Extracted data entries
________________________________________
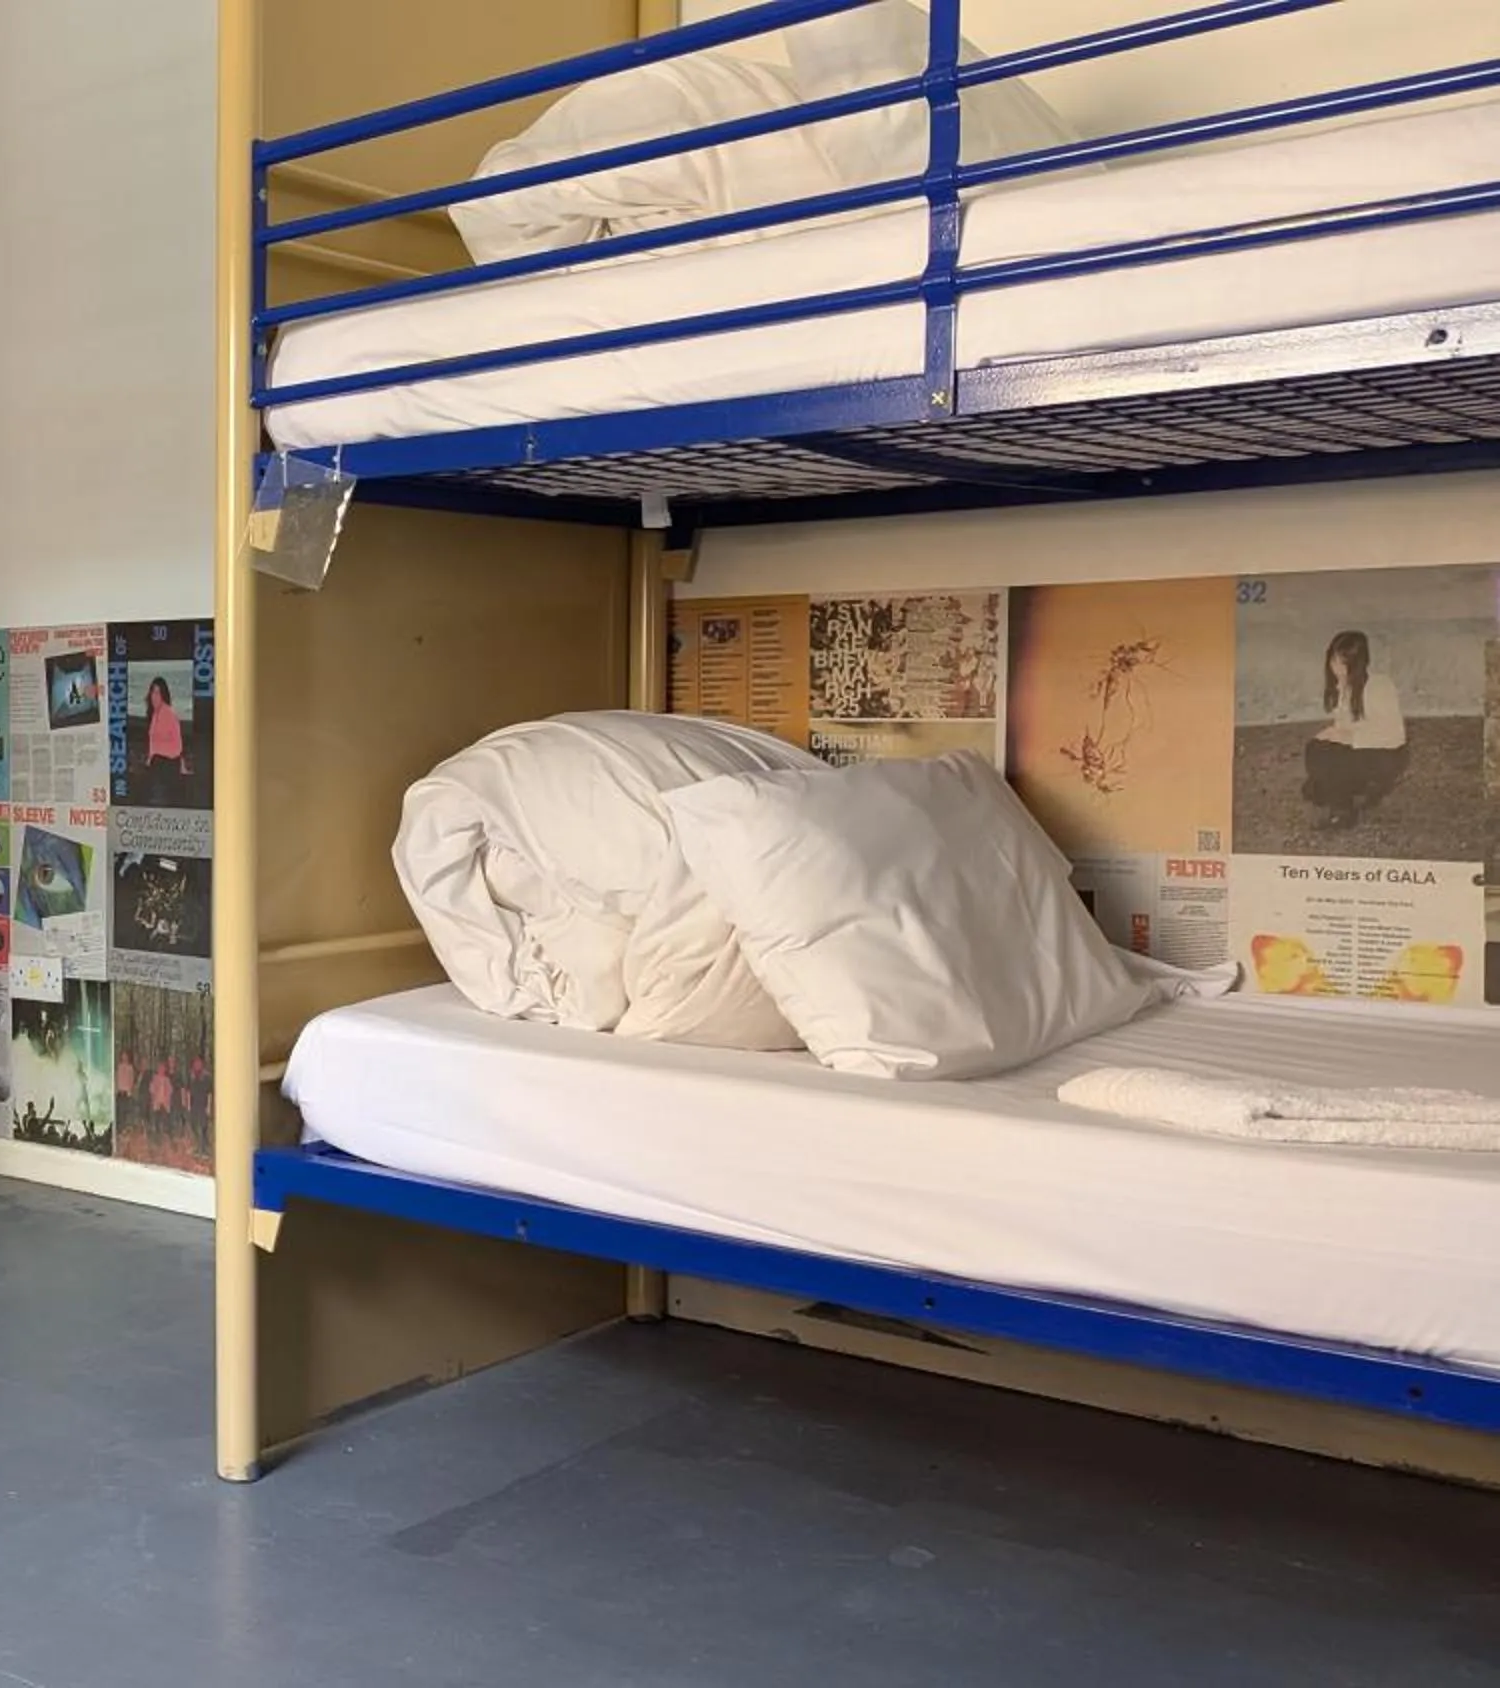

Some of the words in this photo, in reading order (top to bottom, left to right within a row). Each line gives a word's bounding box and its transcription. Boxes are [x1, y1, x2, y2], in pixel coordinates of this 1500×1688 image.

[1235, 580, 1267, 605] 32
[827, 619, 873, 637] RAN
[114, 634, 127, 655] OF
[193, 624, 214, 697] LOST
[832, 667, 866, 683] MA
[825, 681, 872, 700] RCH
[109, 661, 127, 773] SEARCH
[835, 698, 860, 716] 25
[12, 805, 56, 824] SLEEVE
[69, 808, 107, 827] NOTES
[1165, 859, 1226, 878] FILTER
[1279, 865, 1310, 880] Ten
[1314, 866, 1361, 881] Years
[1364, 869, 1382, 882] of
[1386, 869, 1437, 885] GALA
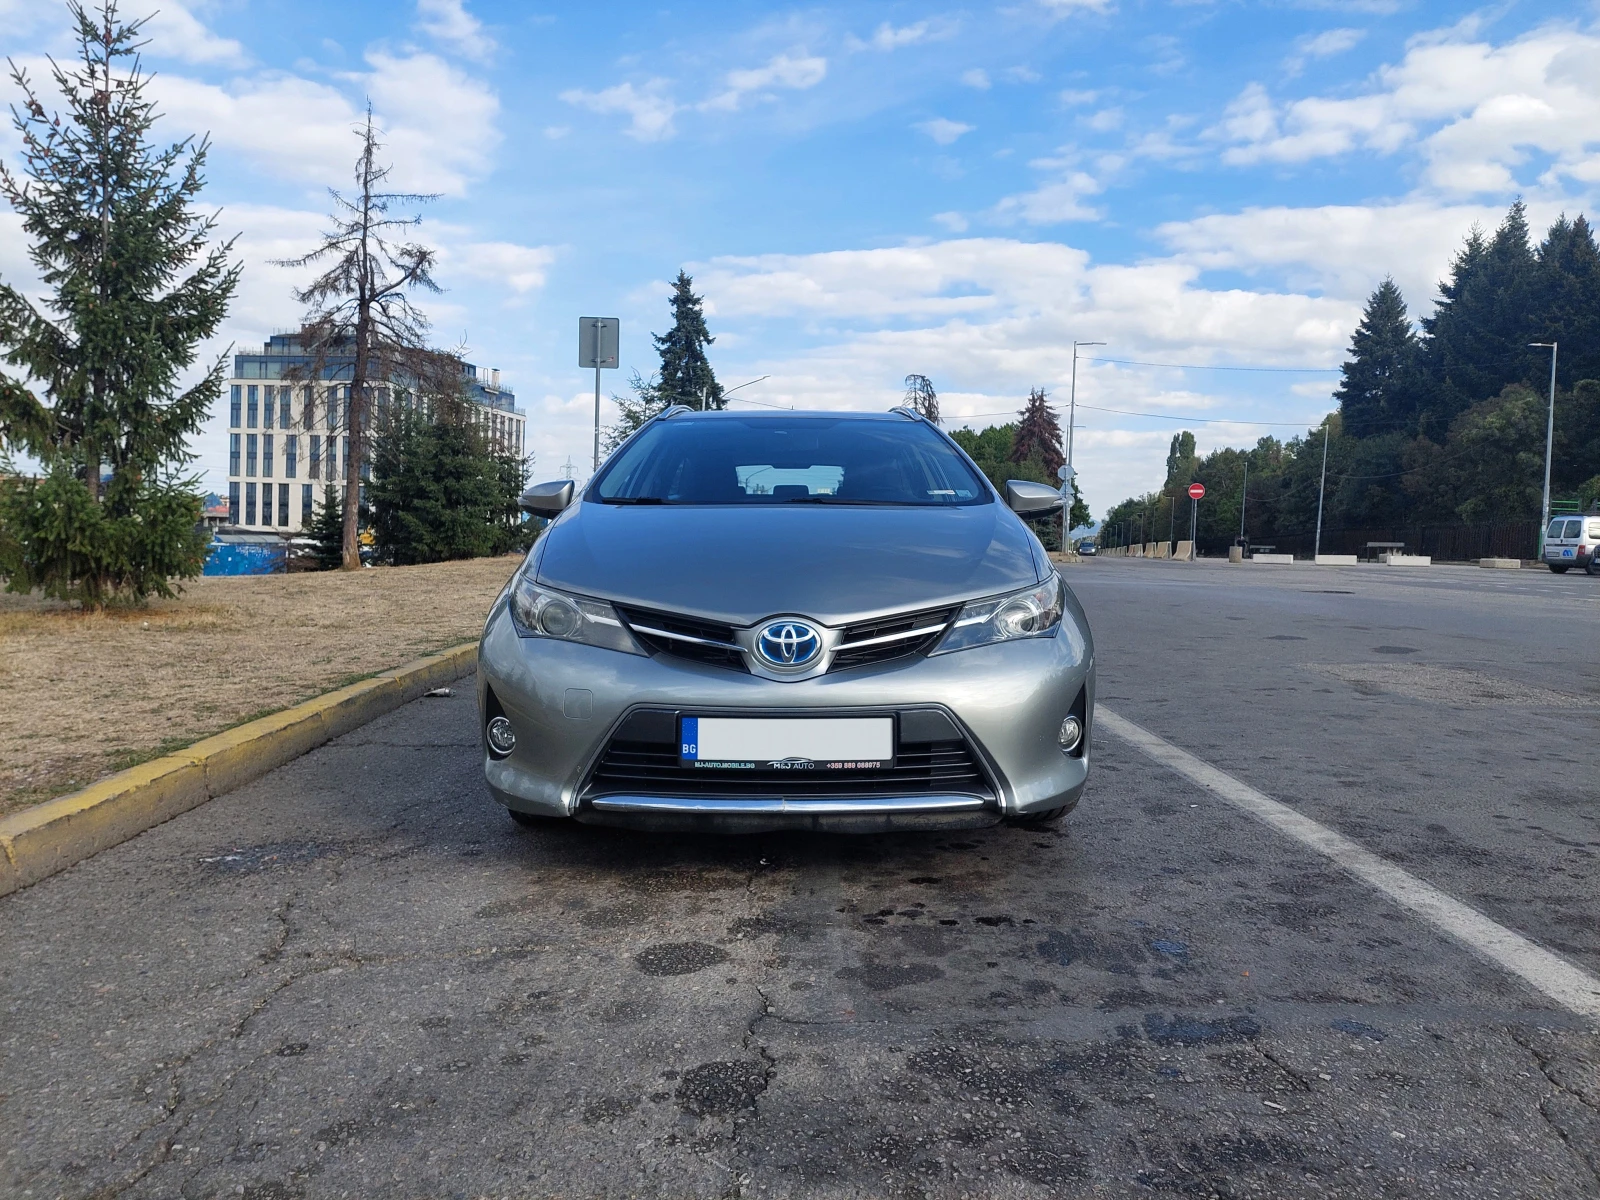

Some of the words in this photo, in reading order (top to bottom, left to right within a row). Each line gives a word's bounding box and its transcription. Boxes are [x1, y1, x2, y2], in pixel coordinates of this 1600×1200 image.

[682, 743, 696, 754] BG
[773, 762, 791, 770] M&J
[792, 762, 815, 770] AUTO
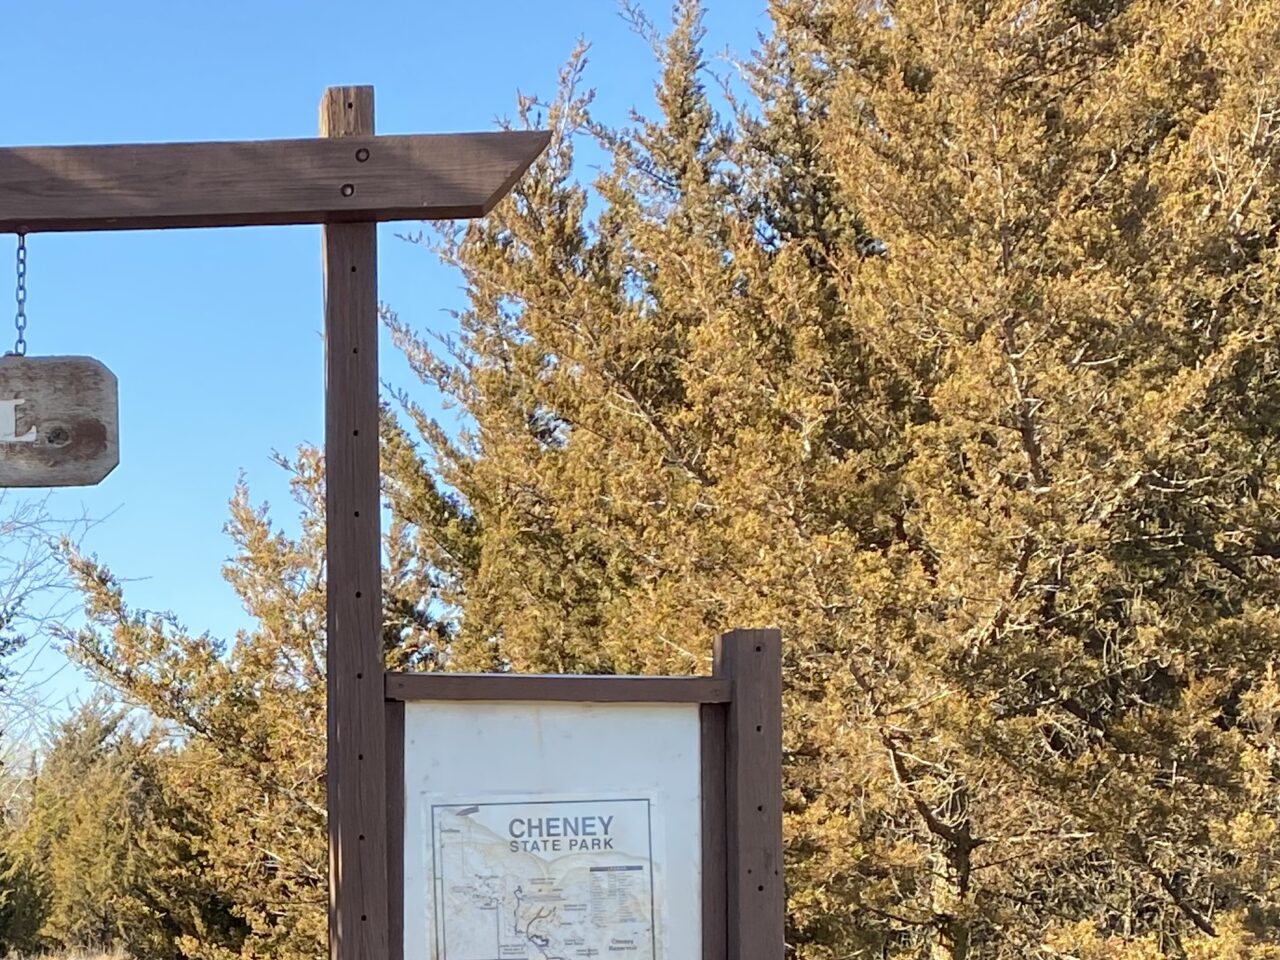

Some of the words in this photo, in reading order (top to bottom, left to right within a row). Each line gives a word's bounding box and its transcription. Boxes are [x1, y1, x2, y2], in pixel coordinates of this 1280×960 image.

[508, 815, 614, 838] CHENEY
[510, 839, 561, 852] STATE
[568, 838, 614, 850] PARK
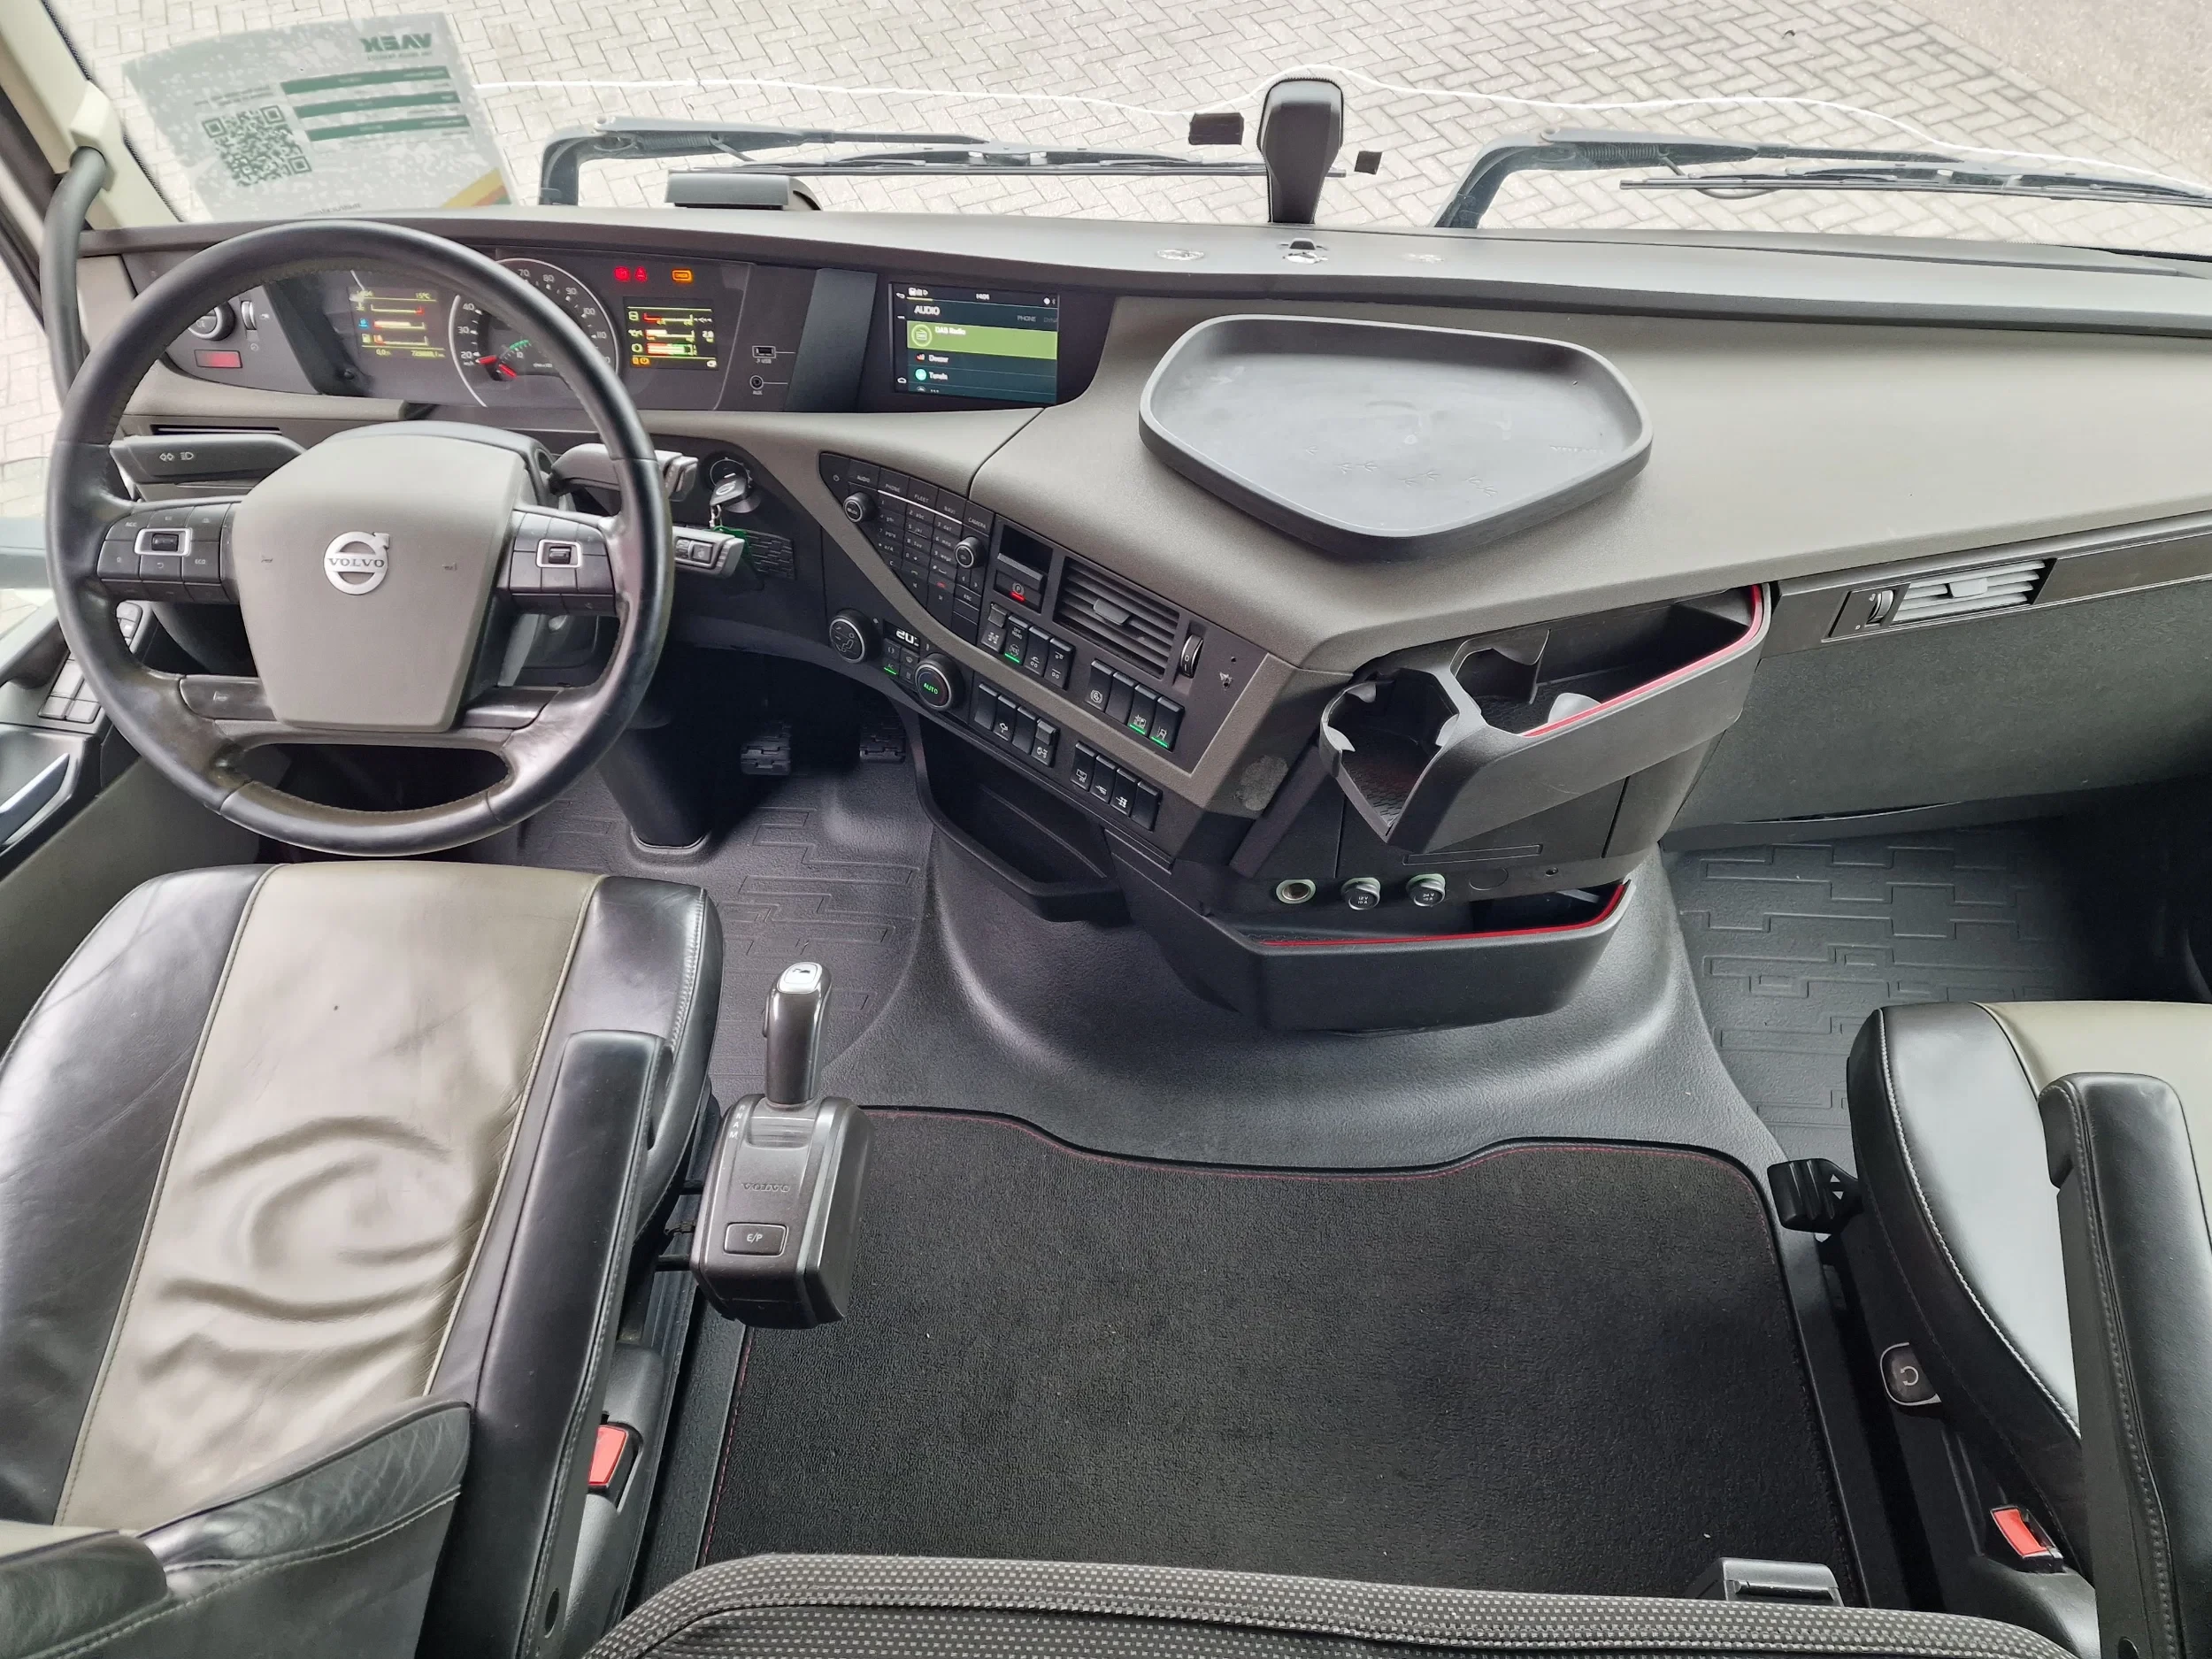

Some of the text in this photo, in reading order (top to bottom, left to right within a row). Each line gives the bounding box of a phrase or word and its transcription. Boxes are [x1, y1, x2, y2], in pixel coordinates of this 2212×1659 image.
________________________________________
PROBLEM DESCRIPTION
For this exercise, return the records above in full and exactly, omitting the images.

RESULT
Some of the words in this photo, in reading order (top to bottom, left to right within a row). Each line gives a word's bounding box and its transcription. Boxes are [x1, y1, x2, y2], in pixel coordinates of this 1500×1688 image.

[1235, 580, 1267, 605] 32
[827, 619, 873, 637] RAN
[114, 634, 127, 655] OF
[193, 624, 214, 697] LOST
[832, 667, 866, 683] MA
[825, 681, 872, 700] RCH
[109, 661, 127, 773] SEARCH
[835, 698, 860, 716] 25
[12, 805, 56, 824] SLEEVE
[69, 808, 107, 827] NOTES
[1165, 859, 1226, 878] FILTER
[1279, 865, 1310, 880] Ten
[1314, 866, 1361, 881] Years
[1364, 869, 1382, 882] of
[1386, 869, 1437, 885] GALA

Some of the words in this photo, in reading order (top to bottom, left to right within a row). Each line gives a word's bounding box and its transcription. Boxes are [x1, y1, x2, y2], in pixel coordinates of this 1600×1200 image.

[682, 743, 696, 754] BG
[773, 762, 791, 770] M&J
[792, 762, 815, 770] AUTO

Some of the words in this photo, in reading order (top to bottom, left to right within a row). Each line gives a word's bounding box and its transcription. Boxes are [x1, y1, x2, y2], in pixel coordinates of this 1280×960 image.

[508, 815, 614, 838] CHENEY
[510, 839, 561, 852] STATE
[568, 838, 614, 850] PARK

Some of the text in this photo, in reading order (top to bottom, left to right within a row). Each line gives the bounding box of a phrase or word and its transcription. Boxes are [x1, y1, x2, y2], in pixel coordinates of this 2212×1659 image.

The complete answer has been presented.